Dataset items:
+--
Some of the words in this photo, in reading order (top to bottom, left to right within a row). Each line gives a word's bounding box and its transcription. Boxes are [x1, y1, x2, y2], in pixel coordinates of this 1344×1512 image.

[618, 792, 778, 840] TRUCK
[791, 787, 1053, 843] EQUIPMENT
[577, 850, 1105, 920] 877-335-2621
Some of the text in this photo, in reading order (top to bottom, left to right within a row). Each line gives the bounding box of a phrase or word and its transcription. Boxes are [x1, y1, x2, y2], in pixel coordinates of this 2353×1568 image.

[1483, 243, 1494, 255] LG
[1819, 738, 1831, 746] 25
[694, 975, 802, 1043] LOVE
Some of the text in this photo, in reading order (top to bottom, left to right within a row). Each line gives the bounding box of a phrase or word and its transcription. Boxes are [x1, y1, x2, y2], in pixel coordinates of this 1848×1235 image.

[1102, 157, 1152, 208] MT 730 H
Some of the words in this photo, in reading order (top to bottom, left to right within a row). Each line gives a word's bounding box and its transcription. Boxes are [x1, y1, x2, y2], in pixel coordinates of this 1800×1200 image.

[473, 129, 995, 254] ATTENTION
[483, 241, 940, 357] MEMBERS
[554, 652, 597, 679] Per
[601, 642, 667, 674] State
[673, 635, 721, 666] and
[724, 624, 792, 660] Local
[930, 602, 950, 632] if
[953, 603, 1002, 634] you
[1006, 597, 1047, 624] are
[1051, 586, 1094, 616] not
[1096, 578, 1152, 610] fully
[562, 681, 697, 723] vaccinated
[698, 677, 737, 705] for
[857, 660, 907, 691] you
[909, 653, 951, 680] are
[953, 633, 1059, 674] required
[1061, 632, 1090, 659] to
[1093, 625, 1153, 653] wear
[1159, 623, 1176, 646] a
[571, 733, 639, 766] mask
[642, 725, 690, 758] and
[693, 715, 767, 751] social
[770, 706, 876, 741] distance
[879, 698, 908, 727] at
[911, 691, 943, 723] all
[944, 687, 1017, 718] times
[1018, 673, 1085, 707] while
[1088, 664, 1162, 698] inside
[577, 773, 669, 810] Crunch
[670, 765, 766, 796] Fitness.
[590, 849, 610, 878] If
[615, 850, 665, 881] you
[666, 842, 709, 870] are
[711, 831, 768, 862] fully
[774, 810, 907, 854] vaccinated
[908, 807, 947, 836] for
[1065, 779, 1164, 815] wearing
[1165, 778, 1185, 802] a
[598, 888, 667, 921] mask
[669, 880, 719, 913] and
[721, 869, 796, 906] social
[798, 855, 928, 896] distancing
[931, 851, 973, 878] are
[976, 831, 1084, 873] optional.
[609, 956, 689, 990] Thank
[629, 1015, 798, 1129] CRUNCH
+--
Aim of the exercise: Say each line again exactly as it appears above.

Expected answer:
Some of the words in this photo, in reading order (top to bottom, left to right within a row). Each line gives a word's bounding box and its transcription. Boxes are [x1, y1, x2, y2], in pixel coordinates of this 1344×1512 image.

[618, 792, 778, 840] TRUCK
[791, 787, 1053, 843] EQUIPMENT
[577, 850, 1105, 920] 877-335-2621
Some of the text in this photo, in reading order (top to bottom, left to right within a row). Each line gives the bounding box of a phrase or word and its transcription. Boxes are [x1, y1, x2, y2], in pixel coordinates of this 2353×1568 image.

[1483, 243, 1494, 255] LG
[1819, 738, 1831, 746] 25
[694, 975, 802, 1043] LOVE
Some of the text in this photo, in reading order (top to bottom, left to right within a row). Each line gives the bounding box of a phrase or word and its transcription. Boxes are [x1, y1, x2, y2], in pixel coordinates of this 1848×1235 image.

[1102, 157, 1152, 208] MT 730 H
Some of the words in this photo, in reading order (top to bottom, left to right within a row). Each line gives a word's bounding box and its transcription. Boxes are [x1, y1, x2, y2], in pixel coordinates of this 1800×1200 image.

[473, 129, 995, 254] ATTENTION
[483, 241, 940, 357] MEMBERS
[554, 652, 597, 679] Per
[601, 642, 667, 674] State
[673, 635, 721, 666] and
[724, 624, 792, 660] Local
[930, 602, 950, 632] if
[953, 603, 1002, 634] you
[1006, 597, 1047, 624] are
[1051, 586, 1094, 616] not
[1096, 578, 1152, 610] fully
[562, 681, 697, 723] vaccinated
[698, 677, 737, 705] for
[857, 660, 907, 691] you
[909, 653, 951, 680] are
[953, 633, 1059, 674] required
[1061, 632, 1090, 659] to
[1093, 625, 1153, 653] wear
[1159, 623, 1176, 646] a
[571, 733, 639, 766] mask
[642, 725, 690, 758] and
[693, 715, 767, 751] social
[770, 706, 876, 741] distance
[879, 698, 908, 727] at
[911, 691, 943, 723] all
[944, 687, 1017, 718] times
[1018, 673, 1085, 707] while
[1088, 664, 1162, 698] inside
[577, 773, 669, 810] Crunch
[670, 765, 766, 796] Fitness.
[590, 849, 610, 878] If
[615, 850, 665, 881] you
[666, 842, 709, 870] are
[711, 831, 768, 862] fully
[774, 810, 907, 854] vaccinated
[908, 807, 947, 836] for
[1065, 779, 1164, 815] wearing
[1165, 778, 1185, 802] a
[598, 888, 667, 921] mask
[669, 880, 719, 913] and
[721, 869, 796, 906] social
[798, 855, 928, 896] distancing
[931, 851, 973, 878] are
[976, 831, 1084, 873] optional.
[609, 956, 689, 990] Thank
[629, 1015, 798, 1129] CRUNCH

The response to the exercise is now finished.